## Assignment:
Images in the records should be skipped while the rest is transcribed verbatim.

## Records for this task:

Start of Block

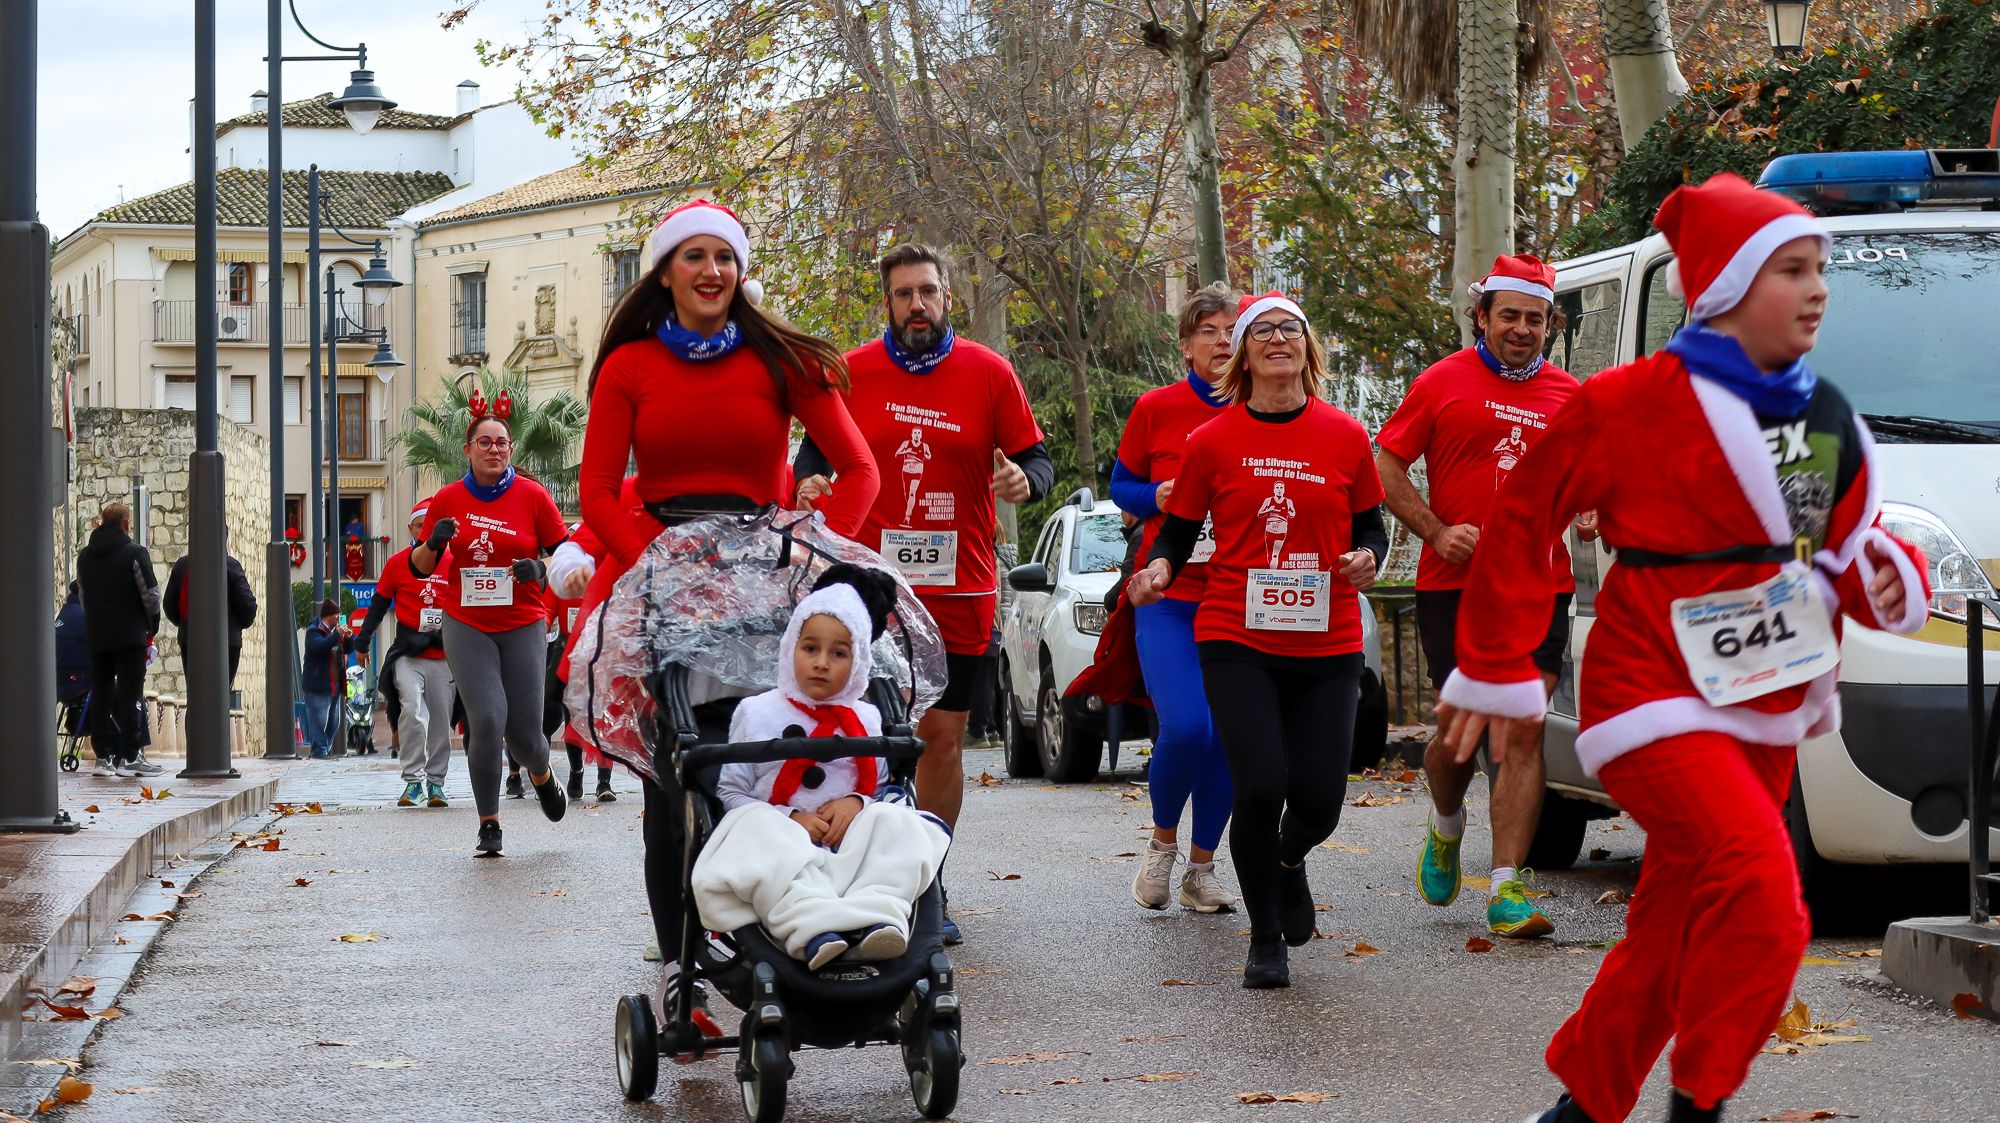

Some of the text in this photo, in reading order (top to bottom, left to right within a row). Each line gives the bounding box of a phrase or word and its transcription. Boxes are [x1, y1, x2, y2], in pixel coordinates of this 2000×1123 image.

[891, 403, 905, 413] San
[906, 405, 940, 419] Silvestre
[1491, 401, 1505, 411] San
[1506, 405, 1539, 419] Silvestre
[895, 412, 961, 433] Ciudad de Lucena
[1495, 411, 1547, 430] Ciudad de Luc
[1248, 457, 1264, 467] San
[1265, 457, 1303, 470] Silvestre
[1253, 467, 1326, 485] Ciudad de Lucena
[470, 513, 480, 521] San
[471, 520, 490, 529] Ciudad
[497, 526, 517, 536] Lucena
[897, 547, 940, 564] 613
[1289, 552, 1319, 561] MEMORIAL
[1281, 560, 1320, 569] JOSE CARLOS
[474, 579, 497, 591] 58
[1262, 588, 1315, 608] 505
[1712, 610, 1797, 659] 641
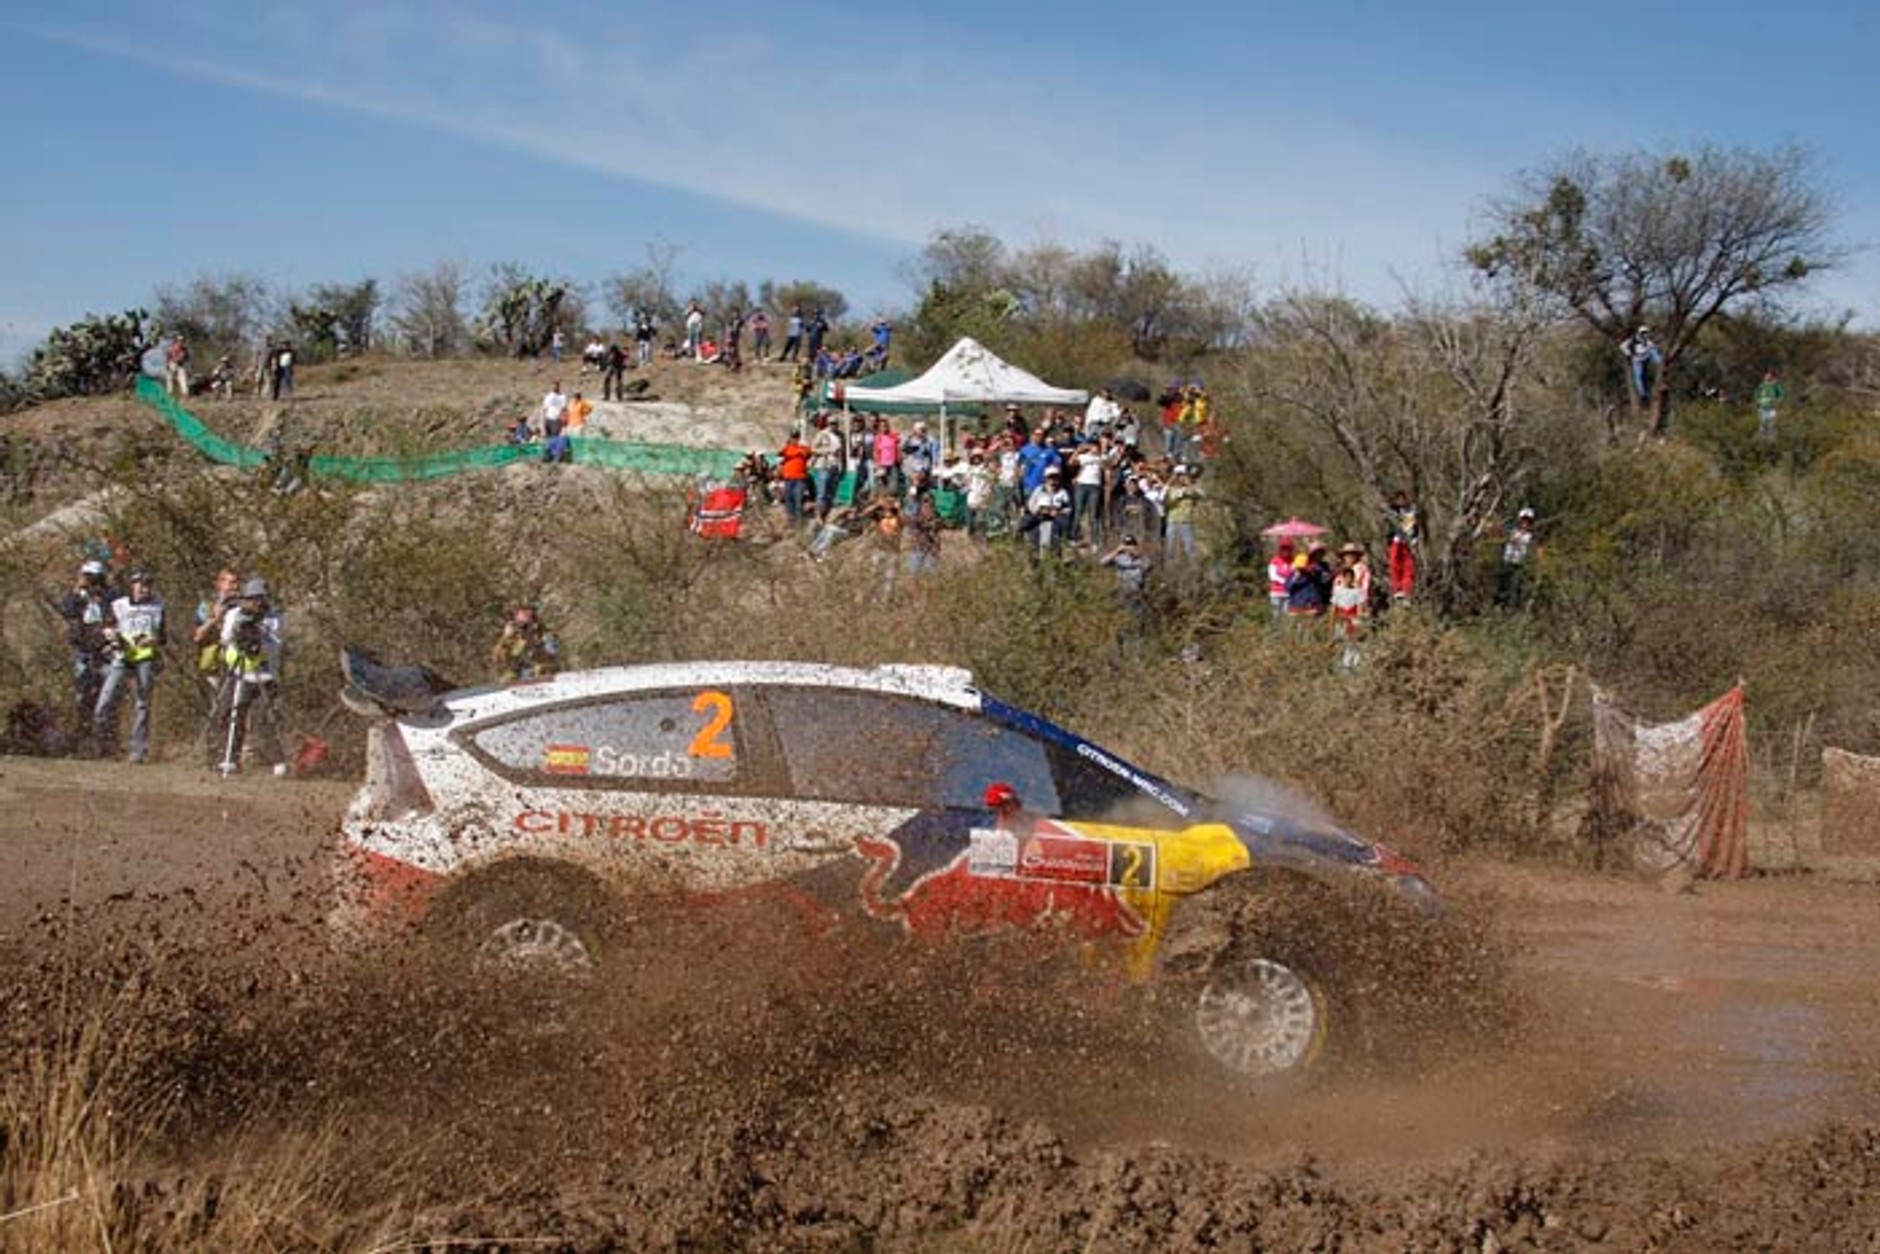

End of Block

## Task response:
Some of the text in this photo, in reading order (top to bottom, left to right within a row). Each line gives the bounding box of a phrase or word and its transcription. Boxes are [x1, y1, x2, y2], in pixel coordinates of this 2000×1123 image.

[891, 403, 905, 413] San
[906, 405, 940, 419] Silvestre
[1491, 401, 1505, 411] San
[1506, 405, 1539, 419] Silvestre
[895, 412, 961, 433] Ciudad de Lucena
[1495, 411, 1547, 430] Ciudad de Luc
[1248, 457, 1264, 467] San
[1265, 457, 1303, 470] Silvestre
[1253, 467, 1326, 485] Ciudad de Lucena
[470, 513, 480, 521] San
[471, 520, 490, 529] Ciudad
[497, 526, 517, 536] Lucena
[897, 547, 940, 564] 613
[1289, 552, 1319, 561] MEMORIAL
[1281, 560, 1320, 569] JOSE CARLOS
[474, 579, 497, 591] 58
[1262, 588, 1315, 608] 505
[1712, 610, 1797, 659] 641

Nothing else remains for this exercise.